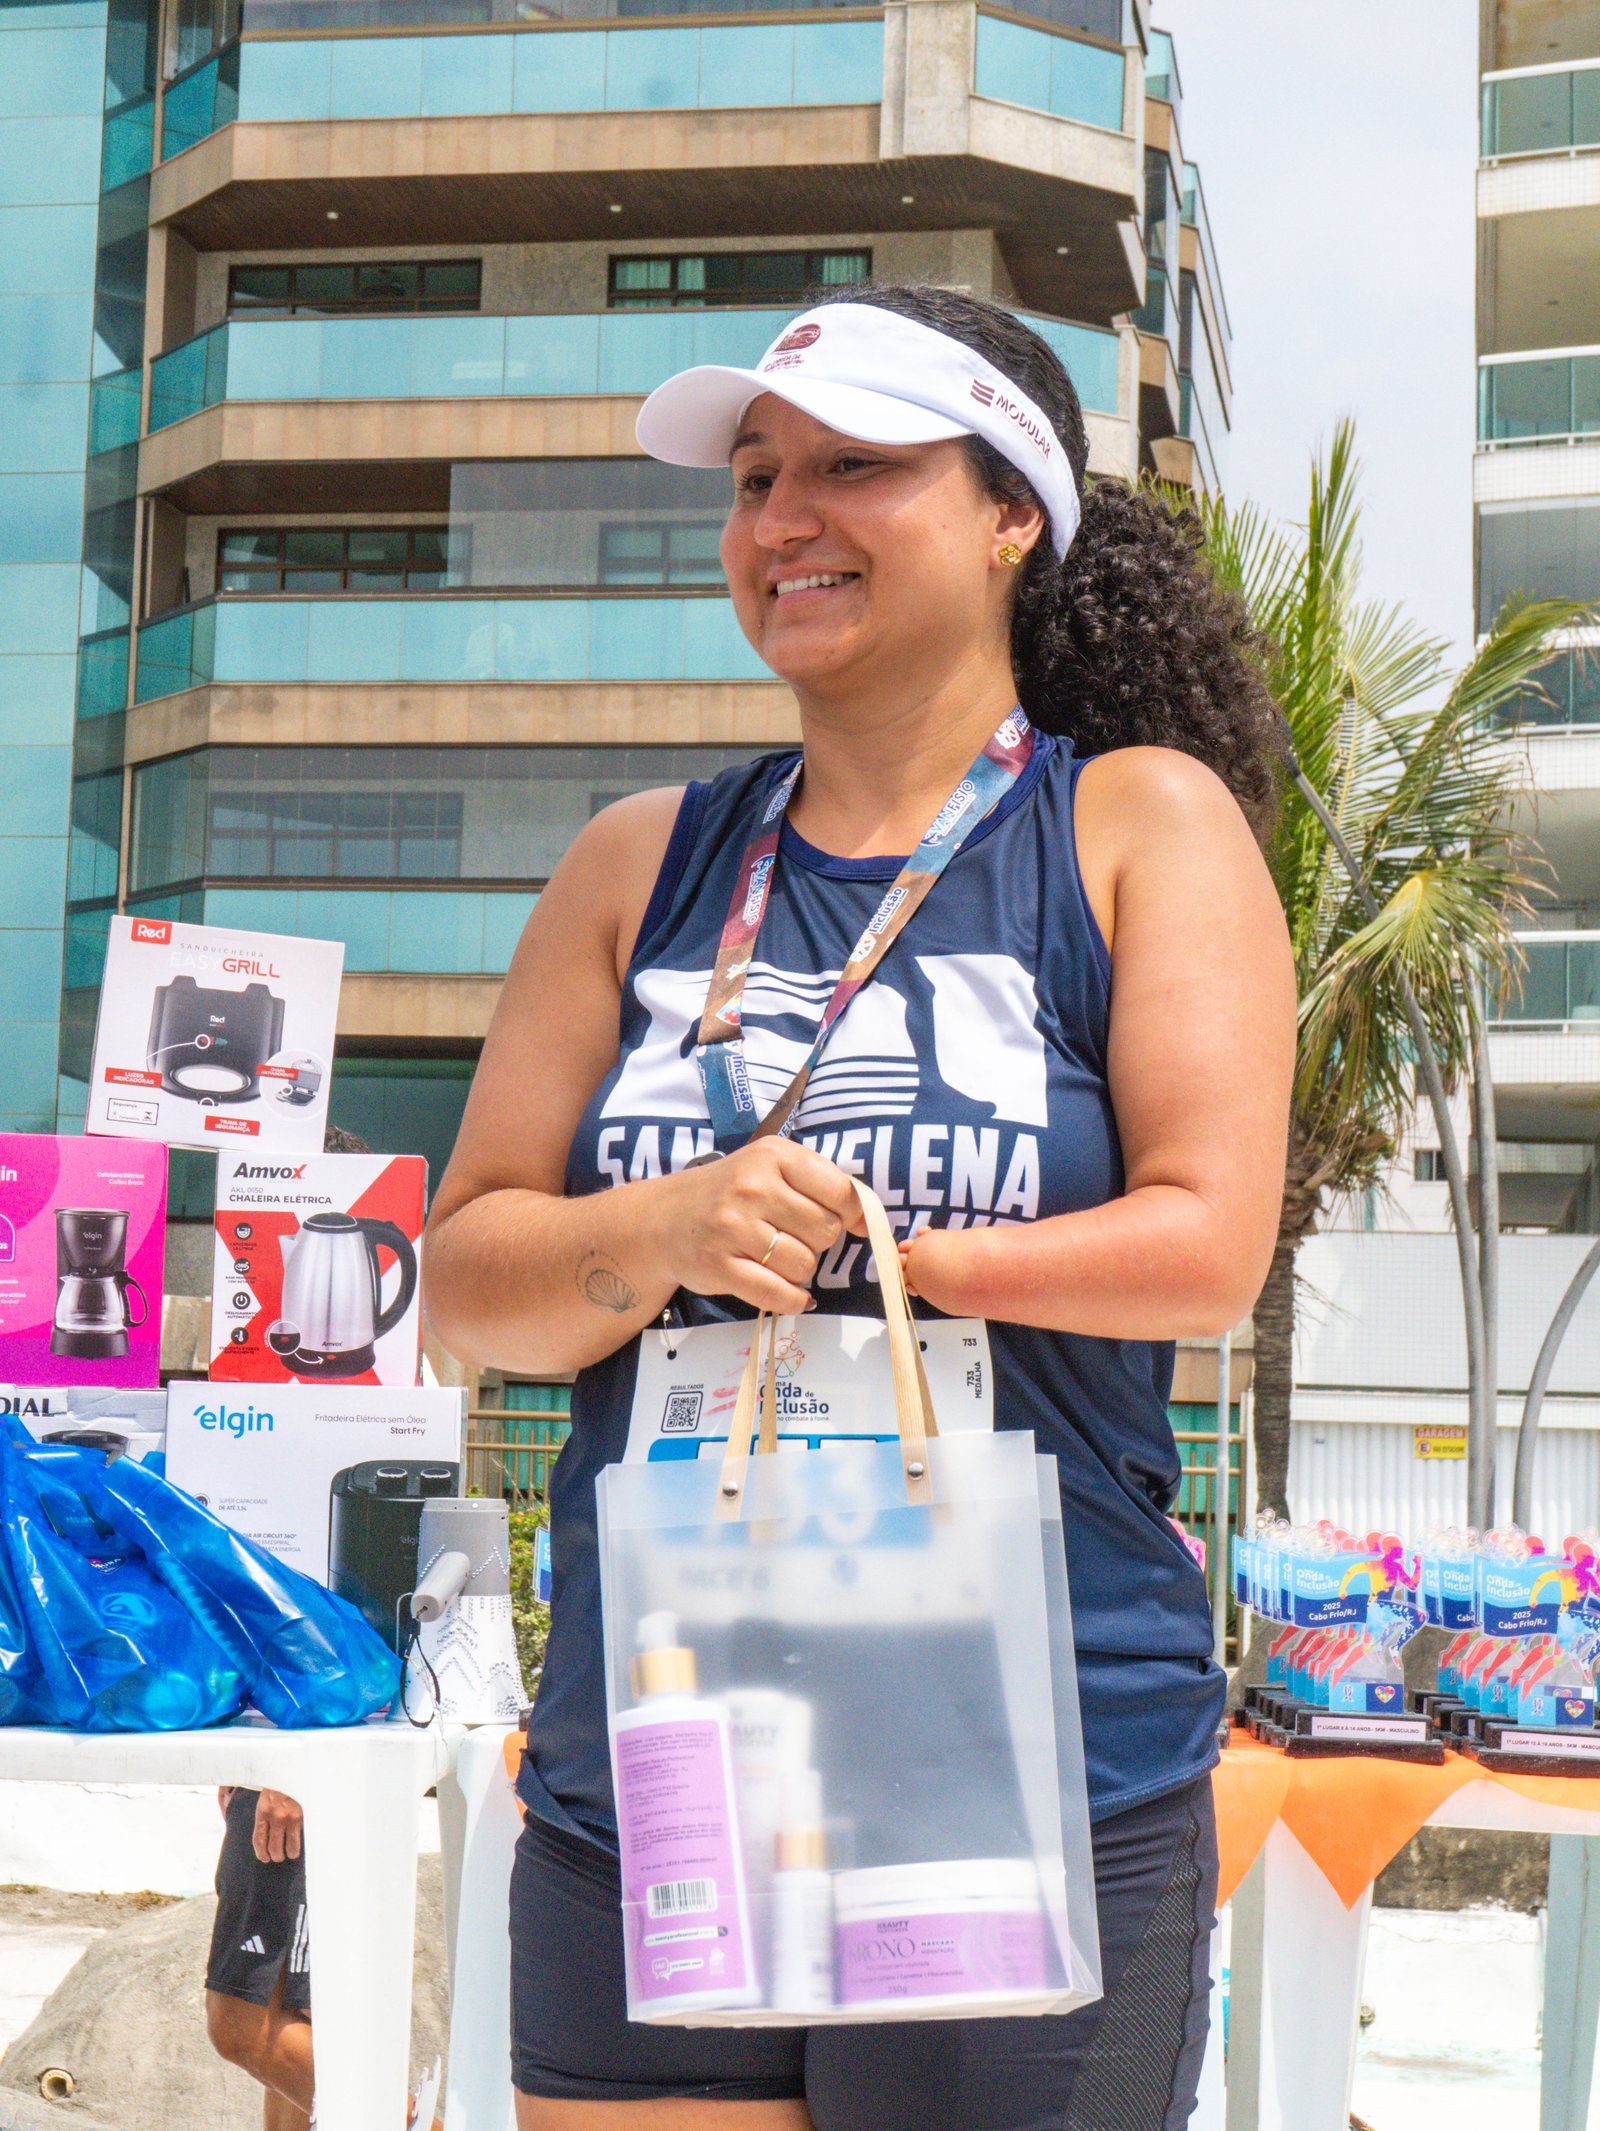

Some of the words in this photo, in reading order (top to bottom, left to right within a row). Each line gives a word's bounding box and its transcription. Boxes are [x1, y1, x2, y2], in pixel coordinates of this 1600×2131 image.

[995, 394, 1051, 460] MODULAR
[868, 887, 903, 933] Inclusão
[137, 923, 166, 940] Red
[180, 943, 264, 958] SANDUICHEIRA
[222, 957, 281, 978] GRILL
[210, 1015, 225, 1024] Red
[113, 1075, 155, 1085] INDICADORAS
[731, 1055, 754, 1111] Inclusão
[214, 1123, 251, 1133] SEGURANÇA
[597, 1125, 715, 1191] SAN
[232, 1162, 308, 1180] Amvox
[229, 1194, 281, 1203] CHALEIRA
[283, 1194, 333, 1204] ELÉTRICA
[962, 1338, 977, 1346] 733
[966, 1370, 975, 1386] 733
[974, 1361, 982, 1399] MEDALHA
[670, 1383, 704, 1391] RESULTADOS
[0, 1397, 55, 1417] DIAL
[759, 1399, 830, 1414] Iclusão
[193, 1404, 274, 1439] elgin
[315, 1413, 355, 1423] Fritadeira
[356, 1414, 386, 1423] Elétrica
[388, 1416, 405, 1424] sem
[406, 1414, 427, 1424] Óleo
[390, 1426, 410, 1435] Start
[412, 1426, 426, 1436] Fry
[1417, 1428, 1463, 1438] GARAGEM
[1296, 1569, 1325, 1582] Onda
[1486, 1574, 1515, 1588] Onda
[1297, 1578, 1340, 1591] Inclusão
[1486, 1585, 1530, 1598] Inclusão
[1323, 1602, 1341, 1611] 2025
[1309, 1612, 1328, 1621] Cabo
[1329, 1609, 1357, 1619] Frio/RJ
[1513, 1611, 1531, 1619] 2025
[1498, 1620, 1518, 1629] Cabo
[1519, 1618, 1548, 1628] Frio/RJ

**********

Exercise: Only the pictures in the listing above get left out; print everything else exactly.

Result of this task:
Some of the words in this photo, in reading order (top to bottom, left to right within a row). Each line gives a word's bounding box and its transcription. Boxes are [x1, y1, x2, y2], in pixel coordinates of this 1600×2131 image.

[995, 394, 1051, 460] MODULAR
[868, 887, 903, 933] Inclusão
[137, 923, 166, 940] Red
[180, 943, 264, 958] SANDUICHEIRA
[222, 957, 281, 978] GRILL
[210, 1015, 225, 1024] Red
[113, 1075, 155, 1085] INDICADORAS
[731, 1055, 754, 1111] Inclusão
[214, 1123, 251, 1133] SEGURANÇA
[597, 1125, 715, 1191] SAN
[232, 1162, 308, 1180] Amvox
[229, 1194, 281, 1203] CHALEIRA
[283, 1194, 333, 1204] ELÉTRICA
[962, 1338, 977, 1346] 733
[966, 1370, 975, 1386] 733
[974, 1361, 982, 1399] MEDALHA
[670, 1383, 704, 1391] RESULTADOS
[0, 1397, 55, 1417] DIAL
[759, 1399, 830, 1414] Iclusão
[193, 1404, 274, 1439] elgin
[315, 1413, 355, 1423] Fritadeira
[356, 1414, 386, 1423] Elétrica
[388, 1416, 405, 1424] sem
[406, 1414, 427, 1424] Óleo
[390, 1426, 410, 1435] Start
[412, 1426, 426, 1436] Fry
[1417, 1428, 1463, 1438] GARAGEM
[1296, 1569, 1325, 1582] Onda
[1486, 1574, 1515, 1588] Onda
[1297, 1578, 1340, 1591] Inclusão
[1486, 1585, 1530, 1598] Inclusão
[1323, 1602, 1341, 1611] 2025
[1309, 1612, 1328, 1621] Cabo
[1329, 1609, 1357, 1619] Frio/RJ
[1513, 1611, 1531, 1619] 2025
[1498, 1620, 1518, 1629] Cabo
[1519, 1618, 1548, 1628] Frio/RJ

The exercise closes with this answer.